#### Work to complete:
Transcribe the records below exactly.

────

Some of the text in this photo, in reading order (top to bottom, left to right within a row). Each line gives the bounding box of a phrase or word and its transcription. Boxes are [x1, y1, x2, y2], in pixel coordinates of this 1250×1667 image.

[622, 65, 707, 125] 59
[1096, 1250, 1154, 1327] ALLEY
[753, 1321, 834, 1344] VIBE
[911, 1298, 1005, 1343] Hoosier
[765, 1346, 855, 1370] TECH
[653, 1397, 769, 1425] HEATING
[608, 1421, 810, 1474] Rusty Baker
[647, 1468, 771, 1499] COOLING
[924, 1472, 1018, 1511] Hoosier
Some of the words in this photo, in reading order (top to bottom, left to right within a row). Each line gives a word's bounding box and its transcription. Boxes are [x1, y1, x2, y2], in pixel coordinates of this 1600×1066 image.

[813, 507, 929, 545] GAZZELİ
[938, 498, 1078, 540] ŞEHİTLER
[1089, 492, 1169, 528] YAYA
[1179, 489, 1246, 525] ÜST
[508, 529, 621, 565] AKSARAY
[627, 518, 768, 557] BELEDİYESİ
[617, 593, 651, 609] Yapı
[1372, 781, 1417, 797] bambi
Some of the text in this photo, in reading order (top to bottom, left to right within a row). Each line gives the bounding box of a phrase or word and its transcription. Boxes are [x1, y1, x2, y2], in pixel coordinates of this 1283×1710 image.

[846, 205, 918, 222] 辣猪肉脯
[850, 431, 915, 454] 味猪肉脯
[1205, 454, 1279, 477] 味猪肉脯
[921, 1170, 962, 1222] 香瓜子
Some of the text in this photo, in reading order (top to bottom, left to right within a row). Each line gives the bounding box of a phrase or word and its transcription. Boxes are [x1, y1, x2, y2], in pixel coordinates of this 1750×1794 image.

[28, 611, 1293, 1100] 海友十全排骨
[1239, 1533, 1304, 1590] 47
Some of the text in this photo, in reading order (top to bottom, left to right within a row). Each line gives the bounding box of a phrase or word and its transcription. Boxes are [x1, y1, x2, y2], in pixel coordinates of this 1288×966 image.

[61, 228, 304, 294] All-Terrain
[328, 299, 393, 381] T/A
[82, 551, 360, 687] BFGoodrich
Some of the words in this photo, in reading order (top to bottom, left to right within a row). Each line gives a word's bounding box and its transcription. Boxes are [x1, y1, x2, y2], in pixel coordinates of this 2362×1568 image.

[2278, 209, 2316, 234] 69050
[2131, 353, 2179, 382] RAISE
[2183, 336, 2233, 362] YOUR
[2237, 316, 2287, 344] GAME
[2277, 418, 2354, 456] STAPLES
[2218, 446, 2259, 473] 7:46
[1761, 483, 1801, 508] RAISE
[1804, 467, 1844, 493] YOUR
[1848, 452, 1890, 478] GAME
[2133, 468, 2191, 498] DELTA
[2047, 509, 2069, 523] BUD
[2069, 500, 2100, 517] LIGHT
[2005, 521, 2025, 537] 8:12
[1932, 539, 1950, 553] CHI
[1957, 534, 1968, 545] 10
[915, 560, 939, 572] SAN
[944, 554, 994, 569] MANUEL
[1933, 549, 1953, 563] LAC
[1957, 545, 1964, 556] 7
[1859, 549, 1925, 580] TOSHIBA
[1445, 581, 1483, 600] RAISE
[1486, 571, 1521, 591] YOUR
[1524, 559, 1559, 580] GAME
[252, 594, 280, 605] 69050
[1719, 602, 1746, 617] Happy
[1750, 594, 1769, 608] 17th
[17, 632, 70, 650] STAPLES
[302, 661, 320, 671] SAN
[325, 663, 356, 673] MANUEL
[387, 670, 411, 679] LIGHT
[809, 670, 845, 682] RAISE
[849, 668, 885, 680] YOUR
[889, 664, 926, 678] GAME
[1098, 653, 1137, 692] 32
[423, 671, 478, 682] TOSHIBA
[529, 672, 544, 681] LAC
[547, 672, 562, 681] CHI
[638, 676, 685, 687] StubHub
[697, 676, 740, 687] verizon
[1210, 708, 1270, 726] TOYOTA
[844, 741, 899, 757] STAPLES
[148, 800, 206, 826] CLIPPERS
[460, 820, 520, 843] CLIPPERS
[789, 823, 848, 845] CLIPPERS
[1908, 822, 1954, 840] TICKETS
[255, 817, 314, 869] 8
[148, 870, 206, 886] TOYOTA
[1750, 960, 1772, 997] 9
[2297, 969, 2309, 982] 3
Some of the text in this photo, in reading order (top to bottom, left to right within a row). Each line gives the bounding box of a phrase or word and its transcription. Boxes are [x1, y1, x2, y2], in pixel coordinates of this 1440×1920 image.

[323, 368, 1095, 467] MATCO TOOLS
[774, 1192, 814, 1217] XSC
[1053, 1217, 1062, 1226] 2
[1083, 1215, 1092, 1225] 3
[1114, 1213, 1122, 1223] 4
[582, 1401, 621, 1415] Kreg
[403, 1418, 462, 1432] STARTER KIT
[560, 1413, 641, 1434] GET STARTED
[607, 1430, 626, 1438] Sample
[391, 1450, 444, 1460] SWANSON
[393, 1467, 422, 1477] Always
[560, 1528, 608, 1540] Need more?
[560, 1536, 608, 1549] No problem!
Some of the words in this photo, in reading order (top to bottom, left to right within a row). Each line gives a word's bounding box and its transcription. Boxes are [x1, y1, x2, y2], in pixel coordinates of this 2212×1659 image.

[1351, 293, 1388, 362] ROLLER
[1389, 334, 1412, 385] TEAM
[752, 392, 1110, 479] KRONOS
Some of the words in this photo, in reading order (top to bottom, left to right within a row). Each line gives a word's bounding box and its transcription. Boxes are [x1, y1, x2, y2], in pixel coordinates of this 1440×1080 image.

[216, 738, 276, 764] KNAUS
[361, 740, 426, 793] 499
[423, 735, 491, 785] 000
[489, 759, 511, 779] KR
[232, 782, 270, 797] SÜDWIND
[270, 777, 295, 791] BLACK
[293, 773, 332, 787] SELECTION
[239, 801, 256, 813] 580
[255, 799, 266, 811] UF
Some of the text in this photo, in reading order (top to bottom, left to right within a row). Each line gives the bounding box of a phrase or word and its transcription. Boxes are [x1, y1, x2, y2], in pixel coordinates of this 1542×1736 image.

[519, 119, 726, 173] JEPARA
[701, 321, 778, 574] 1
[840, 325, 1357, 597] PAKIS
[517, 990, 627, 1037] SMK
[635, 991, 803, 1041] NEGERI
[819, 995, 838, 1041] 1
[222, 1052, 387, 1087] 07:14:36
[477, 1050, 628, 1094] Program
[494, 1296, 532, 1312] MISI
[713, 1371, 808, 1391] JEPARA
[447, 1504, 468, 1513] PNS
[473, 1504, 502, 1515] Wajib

────

#### Exercise solution:
Some of the text in this photo, in reading order (top to bottom, left to right within a row). Each line gives the bounding box of a phrase or word and its transcription. Boxes are [x1, y1, x2, y2], in pixel coordinates of this 1250×1667 image.

[622, 65, 707, 125] 59
[1096, 1250, 1154, 1327] ALLEY
[753, 1321, 834, 1344] VIBE
[911, 1298, 1005, 1343] Hoosier
[765, 1346, 855, 1370] TECH
[653, 1397, 769, 1425] HEATING
[608, 1421, 810, 1474] Rusty Baker
[647, 1468, 771, 1499] COOLING
[924, 1472, 1018, 1511] Hoosier
Some of the words in this photo, in reading order (top to bottom, left to right within a row). Each line gives a word's bounding box and its transcription. Boxes are [x1, y1, x2, y2], in pixel coordinates of this 1600×1066 image.

[813, 507, 929, 545] GAZZELİ
[938, 498, 1078, 540] ŞEHİTLER
[1089, 492, 1169, 528] YAYA
[1179, 489, 1246, 525] ÜST
[508, 529, 621, 565] AKSARAY
[627, 518, 768, 557] BELEDİYESİ
[617, 593, 651, 609] Yapı
[1372, 781, 1417, 797] bambi
Some of the text in this photo, in reading order (top to bottom, left to right within a row). Each line gives the bounding box of a phrase or word and its transcription. Boxes are [x1, y1, x2, y2], in pixel coordinates of this 1283×1710 image.

[846, 205, 918, 222] 辣猪肉脯
[850, 431, 915, 454] 味猪肉脯
[1205, 454, 1279, 477] 味猪肉脯
[921, 1170, 962, 1222] 香瓜子
Some of the text in this photo, in reading order (top to bottom, left to right within a row). Each line gives the bounding box of a phrase or word and its transcription. Boxes are [x1, y1, x2, y2], in pixel coordinates of this 1750×1794 image.

[28, 611, 1293, 1100] 海友十全排骨
[1239, 1533, 1304, 1590] 47
Some of the text in this photo, in reading order (top to bottom, left to right within a row). Each line gives the bounding box of a phrase or word and its transcription. Boxes are [x1, y1, x2, y2], in pixel coordinates of this 1288×966 image.

[61, 228, 304, 294] All-Terrain
[328, 299, 393, 381] T/A
[82, 551, 360, 687] BFGoodrich
Some of the words in this photo, in reading order (top to bottom, left to right within a row). Each line gives a word's bounding box and its transcription. Boxes are [x1, y1, x2, y2], in pixel coordinates of this 2362×1568 image.

[2278, 209, 2316, 234] 69050
[2131, 353, 2179, 382] RAISE
[2183, 336, 2233, 362] YOUR
[2237, 316, 2287, 344] GAME
[2277, 418, 2354, 456] STAPLES
[2218, 446, 2259, 473] 7:46
[1761, 483, 1801, 508] RAISE
[1804, 467, 1844, 493] YOUR
[1848, 452, 1890, 478] GAME
[2133, 468, 2191, 498] DELTA
[2047, 509, 2069, 523] BUD
[2069, 500, 2100, 517] LIGHT
[2005, 521, 2025, 537] 8:12
[1932, 539, 1950, 553] CHI
[1957, 534, 1968, 545] 10
[915, 560, 939, 572] SAN
[944, 554, 994, 569] MANUEL
[1933, 549, 1953, 563] LAC
[1957, 545, 1964, 556] 7
[1859, 549, 1925, 580] TOSHIBA
[1445, 581, 1483, 600] RAISE
[1486, 571, 1521, 591] YOUR
[1524, 559, 1559, 580] GAME
[252, 594, 280, 605] 69050
[1719, 602, 1746, 617] Happy
[1750, 594, 1769, 608] 17th
[17, 632, 70, 650] STAPLES
[302, 661, 320, 671] SAN
[325, 663, 356, 673] MANUEL
[387, 670, 411, 679] LIGHT
[809, 670, 845, 682] RAISE
[849, 668, 885, 680] YOUR
[889, 664, 926, 678] GAME
[1098, 653, 1137, 692] 32
[423, 671, 478, 682] TOSHIBA
[529, 672, 544, 681] LAC
[547, 672, 562, 681] CHI
[638, 676, 685, 687] StubHub
[697, 676, 740, 687] verizon
[1210, 708, 1270, 726] TOYOTA
[844, 741, 899, 757] STAPLES
[148, 800, 206, 826] CLIPPERS
[460, 820, 520, 843] CLIPPERS
[789, 823, 848, 845] CLIPPERS
[1908, 822, 1954, 840] TICKETS
[255, 817, 314, 869] 8
[148, 870, 206, 886] TOYOTA
[1750, 960, 1772, 997] 9
[2297, 969, 2309, 982] 3
Some of the text in this photo, in reading order (top to bottom, left to right within a row). Each line gives the bounding box of a phrase or word and its transcription. Boxes are [x1, y1, x2, y2], in pixel coordinates of this 1440×1920 image.

[323, 368, 1095, 467] MATCO TOOLS
[774, 1192, 814, 1217] XSC
[1053, 1217, 1062, 1226] 2
[1083, 1215, 1092, 1225] 3
[1114, 1213, 1122, 1223] 4
[582, 1401, 621, 1415] Kreg
[403, 1418, 462, 1432] STARTER KIT
[560, 1413, 641, 1434] GET STARTED
[607, 1430, 626, 1438] Sample
[391, 1450, 444, 1460] SWANSON
[393, 1467, 422, 1477] Always
[560, 1528, 608, 1540] Need more?
[560, 1536, 608, 1549] No problem!
Some of the words in this photo, in reading order (top to bottom, left to right within a row). Each line gives a word's bounding box and its transcription. Boxes are [x1, y1, x2, y2], in pixel coordinates of this 2212×1659 image.

[1351, 293, 1388, 362] ROLLER
[1389, 334, 1412, 385] TEAM
[752, 392, 1110, 479] KRONOS
Some of the words in this photo, in reading order (top to bottom, left to right within a row). Each line gives a word's bounding box and its transcription. Boxes are [x1, y1, x2, y2], in pixel coordinates of this 1440×1080 image.

[216, 738, 276, 764] KNAUS
[361, 740, 426, 793] 499
[423, 735, 491, 785] 000
[489, 759, 511, 779] KR
[232, 782, 270, 797] SÜDWIND
[270, 777, 295, 791] BLACK
[293, 773, 332, 787] SELECTION
[239, 801, 256, 813] 580
[255, 799, 266, 811] UF
Some of the text in this photo, in reading order (top to bottom, left to right within a row). Each line gives the bounding box of a phrase or word and its transcription. Boxes are [x1, y1, x2, y2], in pixel coordinates of this 1542×1736 image.

[519, 119, 726, 173] JEPARA
[701, 321, 778, 574] 1
[840, 325, 1357, 597] PAKIS
[517, 990, 627, 1037] SMK
[635, 991, 803, 1041] NEGERI
[819, 995, 838, 1041] 1
[222, 1052, 387, 1087] 07:14:36
[477, 1050, 628, 1094] Program
[494, 1296, 532, 1312] MISI
[713, 1371, 808, 1391] JEPARA
[447, 1504, 468, 1513] PNS
[473, 1504, 502, 1515] Wajib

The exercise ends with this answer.